"Dans cette pierre je voyage sans bouger, comme un astronaute, un peu comme sur un radeau. Je ne me sens pas du tout oppressé, je suis très à l'aise, et en bonne connexion avec cette pierre", a raconté l'artiste vendredi soir à l'AFP. Le performeur parle à travers la jointure de sa gangue de pierre, d'où lui parvient l'écho assourdi des visiteurs du Palais de Tokyo où est posé ce roc de 12 tonnes.
Entré mercredi après-midi pour un semaine dans cet oeuf de pierre, dont les deux moitiés ont été scellées, Abraham Poincheval y est emprisonné en position assise, avec juste assez de place pour quelques mouvements très limités.
Dans sa niche, un peu de nourriture et des boissons à portée de main, des livres, de quoi tenir un journal, un système de stockage des déchets et un dispositif d'ouverture d'urgence en cas de problème.

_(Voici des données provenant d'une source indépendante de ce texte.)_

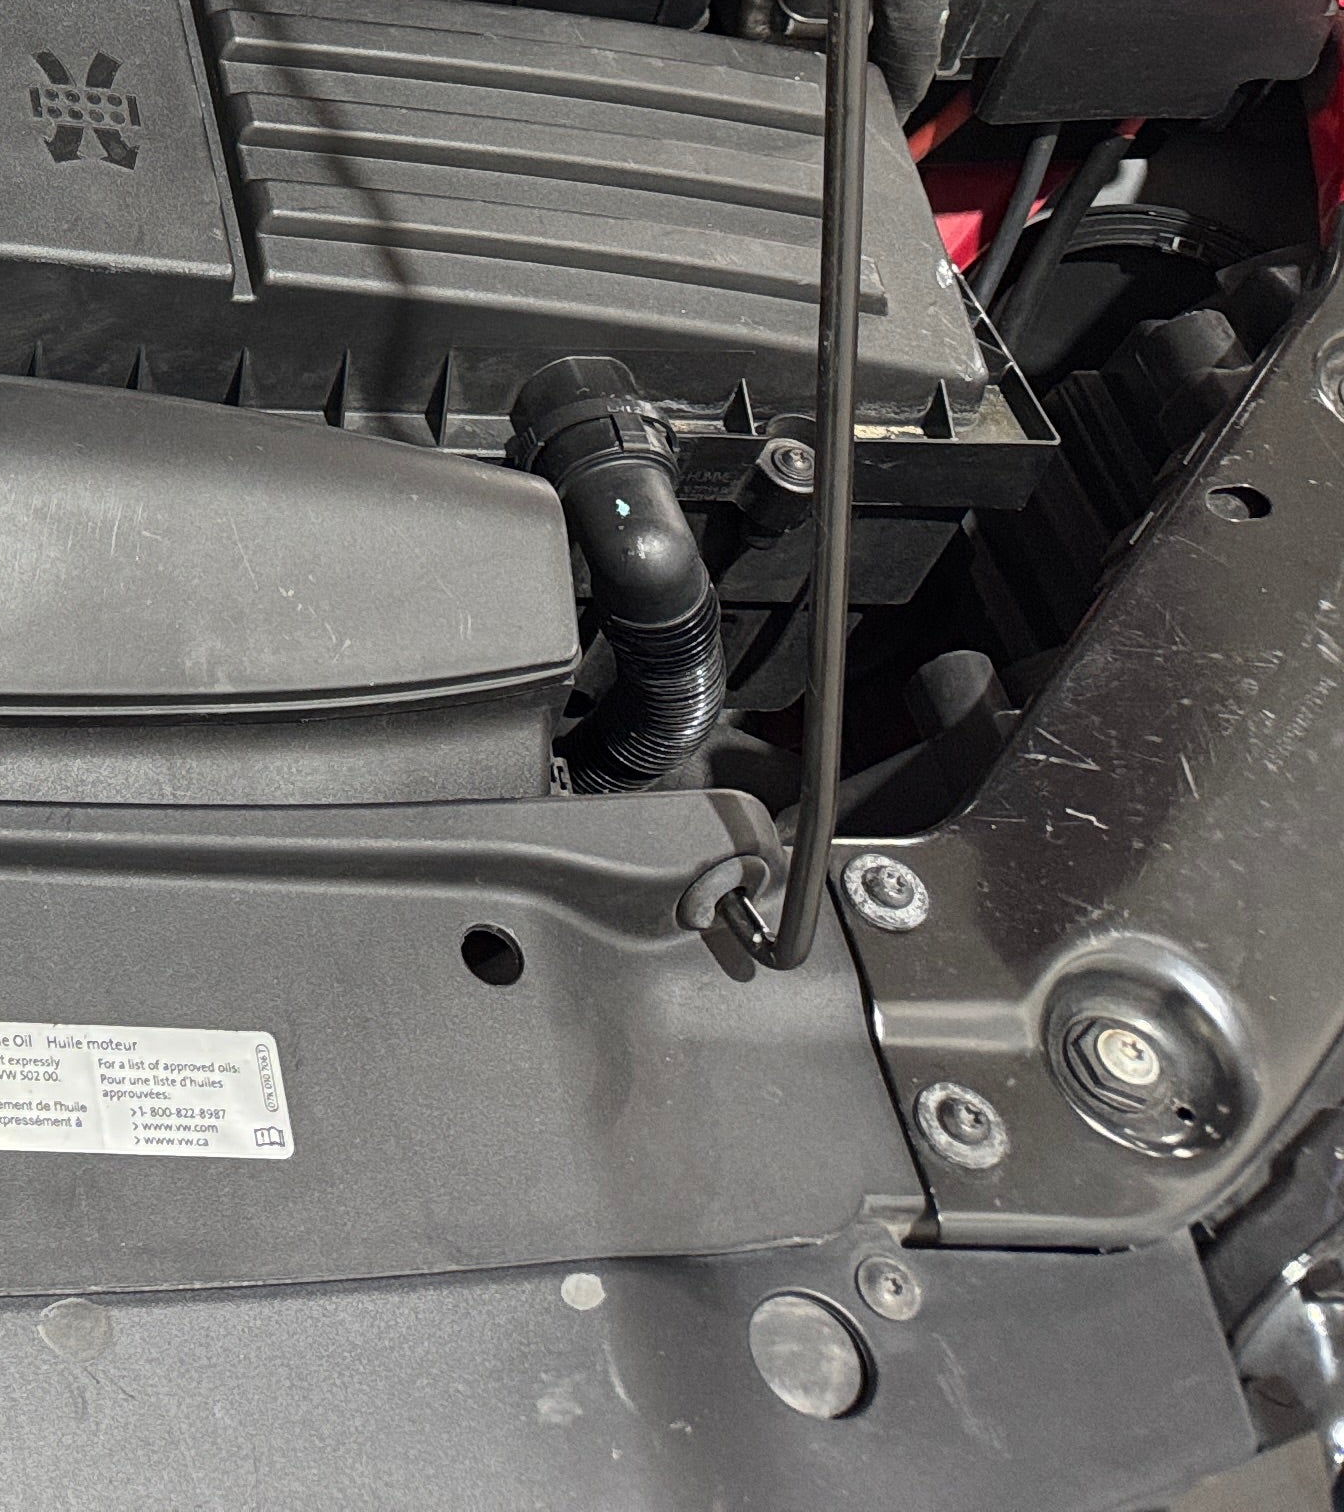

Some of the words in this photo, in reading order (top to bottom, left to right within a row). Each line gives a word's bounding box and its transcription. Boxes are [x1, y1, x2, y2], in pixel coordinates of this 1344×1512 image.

"Nous sommes déjà enfermés dans nos propres corps", avait résumé l'artiste juste avant d'entamer sa nouvelle aventure qui se terminera mercredi.
"La chose la plus difficile est d'organiser son sommeil. Je ne sais jamais trop si je dors ou non, c'est très étrange. J'ai une certaine conscience du temps par rapport à l'ouverture du musée, car j'entends des sons différents, mais aucune notion du jour et de la nuit", décrit l'artiste.
'Partir dans tous les sens'
"Les repas je les prends quand j'ai envie, je me fais confiance. C'est très succinct : des potages, des barres de céréales... pour l'instant tout se passe bien".
Le jour, des visiteurs fascinés parlent à son rocher, lui lisent des poèmes, lui racontent même leurs cauchemars, dit-il, ravi que "les gens aient la pierre en eux, la gardent dans leur cerveau".
Mais la nuit, quand le musée désert redevient silencieux, c'est là que commence véritablement le voyage d'Abraham Poincheval.
"A ce moment-là, j'ai l'impression de partir dans tout les sens. J'essaie de l'exprimer par le langage, mais c'est compliqué car ce sont des flux qui circulent, on passe d'une sensation à une autre, c'est très complexe à mettre noir sur blanc", poursuit-il.
Trouver les bons mots lui tient à coeur, car il veut prolonger cette expérience par un projet d'édition.
Après cette aventure immobile, cet habitué des happenings s'est lancé un nouveau défi: à partir du 29 mars il va couver une douzaine d'oeufs de poule jusqu'à leur éclosion. En tout 26 jours immobiles à tenir sous une cape rigide, le tout filmé 24 heures sur 24.